Data science named among the fastest growing business in 2020 and rated Data Scientist the best business in the United States. Now is the time to start thinking about it as a profession, not a business, a corporate culture, not an action plan, a strategy, and a company strategy, not a platform as a key capability and not as a course and way of doing things, not as a goal. Now that the digital data revolution is in full swing, the number of jobs and the number of vacancies for data researchers are exploding. Such a requirement brings payroll salaries and employment bonuses.

Although there are great candidates for these jobs, there are also a lot of progressives. The recruit (who has been trying to hire a great number of data scientists for a client for a year) stated that it was a disappointment – many candidates they spoke to usually lack the basic skills and abilities of data scientists. In terms of statistics, programming, computer skills, data management, data management, data processing, databases, machine learning, data processing, visualization, communication, scientific curiosity, scientific training, and field expertise.

Data Science as a Profession…!

Should computer science become a profession? Should regulations be adopted governing the application of data science and who should enforce them? Information technology must become a profession for the same reasons that medical practice and law have become: everyone needs special education, training, and skills, which need ethics and personal lapses. Choosing specialized products can have serious negative consequences. Therefore, all areas of educational standards and ethics are needed to ensure public expertise.

Today, the field of data science is full of unconditional practitioners. There is confusion in the market regarding the definition of data science and the skills required by a data scientist. Many analysts have used their professional titles as “data scientists” to take advantage of market instability and try to achieve unlimited positions and pay increases. It creates competition between “expert” and “ordinary workers” and harms those who are truly skilled.
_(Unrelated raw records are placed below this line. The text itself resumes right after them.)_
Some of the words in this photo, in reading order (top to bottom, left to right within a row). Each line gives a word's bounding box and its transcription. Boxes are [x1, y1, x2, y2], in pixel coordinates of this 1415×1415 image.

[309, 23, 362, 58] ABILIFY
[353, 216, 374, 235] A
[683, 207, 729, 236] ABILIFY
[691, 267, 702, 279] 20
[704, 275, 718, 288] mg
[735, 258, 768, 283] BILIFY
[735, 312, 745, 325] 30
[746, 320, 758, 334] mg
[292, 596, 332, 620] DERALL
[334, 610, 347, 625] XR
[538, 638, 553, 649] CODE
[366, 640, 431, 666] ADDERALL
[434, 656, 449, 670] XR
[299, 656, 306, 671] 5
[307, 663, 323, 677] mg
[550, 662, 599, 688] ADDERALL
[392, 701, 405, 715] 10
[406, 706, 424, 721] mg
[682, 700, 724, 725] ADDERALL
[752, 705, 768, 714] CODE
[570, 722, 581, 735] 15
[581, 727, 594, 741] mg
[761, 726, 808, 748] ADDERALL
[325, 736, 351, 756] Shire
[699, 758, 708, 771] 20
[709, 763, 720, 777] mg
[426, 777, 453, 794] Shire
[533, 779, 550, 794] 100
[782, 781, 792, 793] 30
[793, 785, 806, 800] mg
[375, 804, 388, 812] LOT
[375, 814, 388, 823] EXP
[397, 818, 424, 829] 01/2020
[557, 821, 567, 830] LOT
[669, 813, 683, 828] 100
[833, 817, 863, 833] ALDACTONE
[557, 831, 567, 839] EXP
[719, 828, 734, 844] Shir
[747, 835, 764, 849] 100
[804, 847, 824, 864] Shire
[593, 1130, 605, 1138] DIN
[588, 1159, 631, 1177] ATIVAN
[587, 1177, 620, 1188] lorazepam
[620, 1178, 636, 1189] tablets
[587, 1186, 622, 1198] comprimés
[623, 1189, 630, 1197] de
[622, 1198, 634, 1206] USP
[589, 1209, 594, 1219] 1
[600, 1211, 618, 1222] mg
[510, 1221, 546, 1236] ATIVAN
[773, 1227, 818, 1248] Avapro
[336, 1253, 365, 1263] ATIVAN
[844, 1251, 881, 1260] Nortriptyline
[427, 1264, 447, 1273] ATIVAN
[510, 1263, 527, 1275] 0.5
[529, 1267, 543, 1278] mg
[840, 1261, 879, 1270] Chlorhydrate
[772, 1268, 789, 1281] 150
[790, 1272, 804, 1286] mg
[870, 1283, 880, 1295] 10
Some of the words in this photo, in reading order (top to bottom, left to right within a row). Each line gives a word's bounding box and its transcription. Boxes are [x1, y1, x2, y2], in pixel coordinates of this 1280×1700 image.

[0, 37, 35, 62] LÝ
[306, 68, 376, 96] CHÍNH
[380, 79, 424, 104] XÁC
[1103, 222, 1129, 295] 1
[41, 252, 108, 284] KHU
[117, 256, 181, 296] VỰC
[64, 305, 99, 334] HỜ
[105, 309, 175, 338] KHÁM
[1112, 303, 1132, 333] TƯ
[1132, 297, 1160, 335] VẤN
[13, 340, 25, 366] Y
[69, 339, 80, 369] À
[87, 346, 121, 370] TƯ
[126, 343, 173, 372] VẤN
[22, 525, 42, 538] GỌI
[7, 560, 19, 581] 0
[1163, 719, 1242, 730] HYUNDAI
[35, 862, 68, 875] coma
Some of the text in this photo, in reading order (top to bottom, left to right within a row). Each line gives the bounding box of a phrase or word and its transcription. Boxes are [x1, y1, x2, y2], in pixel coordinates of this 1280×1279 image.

These issues encourage the widespread need to establish specific data processing programs for bachelors and masters and to establish minimum requirements for the data registration and data science Bootcamp system. The data science society was established to develop scientific disciplines, define and improve standards for data science education, and establish a code of ethics, with the primary goal of improving the lives, businesses, and governments of advanced computer technologies.

It is also good to remember that raw databases – large and small – are not objective. They are selected, collected, filtered, organized, and analyzed according to human design. What is recommended, in what way, by what means, and for what purposes? What is not recommended and why? Was the product in the hand measured only because its importance could not be measured? What was the quality of the data? It is frustrating that many researchers refuse to disclose raw data and data collection methods.

People then interpret the meaning of data in different ways. Scientists with data can see the same amount of data and draw different conclusions. Naked and hidden prejudices in the selection, collection, compilation, and analysis of data are serious risks. How we choose to share data and what we focus on or ignore affects the types and quality of measurements.

For data processing professionals, there is a risk that data researchers will mislead customers and employers, leading to poor business and policy decisions that could be detrimental to individuals and institutions. However, data scientists must learn from academics and researchers and avoid validation when validating biases, or if there is a risk that information technology will lose credibility.

Many people get a discount that harms their customers or employers. Just as the confusion between signal and noise can lead to tragedy, so the confusion of professional scientists with companies and data analysts can lead organizations to disaster. For the above reasons, data science must become an industry. What you can do depends a lot on your work, but if you have data analysis skills, you can almost always add value in some way.

Why Is There A Worldwide Demand For Data Science Professionals?

The main reasons are:

  • Talent differences: Talents created in data science are hard to find. People who understand and can use data to gain business benefits are a rare gem. Demand for analysts and researchers are declining.
  • Data reduction: For organizations around the world, managing hard-to-reach data is very difficult, and an even greater challenge is how to deal with explosively outdated future databases.
  • Long and varied skills are required: Being a professional in the field of data is just as demanding as ordinary programming or programming knowledge. Also, you should be well trained in mechanical engineering, programming, and statistical modeling. It is very difficult to find all these abilities in one person.
  • Access to professionals who do not know related topics: Access is almost limited to professionals or students not involved in computer science, engineering, mathematics/statistics, and general sciences. It is an interdisciplinary field and requires knowledge from one of the above areas.
  • Good salary: There is no doubt about it! The salary is amazing! But there are benefits to becoming an IT professional in your company.

Who Can Use Data Science?

You can. And, of course, your employer can do the same. They greet you with open arms when they realize that you are brave and capable enough to click on a wave of unstructured, semi-structured, and structured data and use the data to drive change. Of course, these changes should have measurable results. After all, every job wants to secure its job, right? Now we want to help you be a person that a large science data company or a fast-growing company would be happy to hire. So – how to enter in the world of data science? Some involve going through the magical “Data Science Leviathan” passage, others help you secure a data science career through less complicated paths.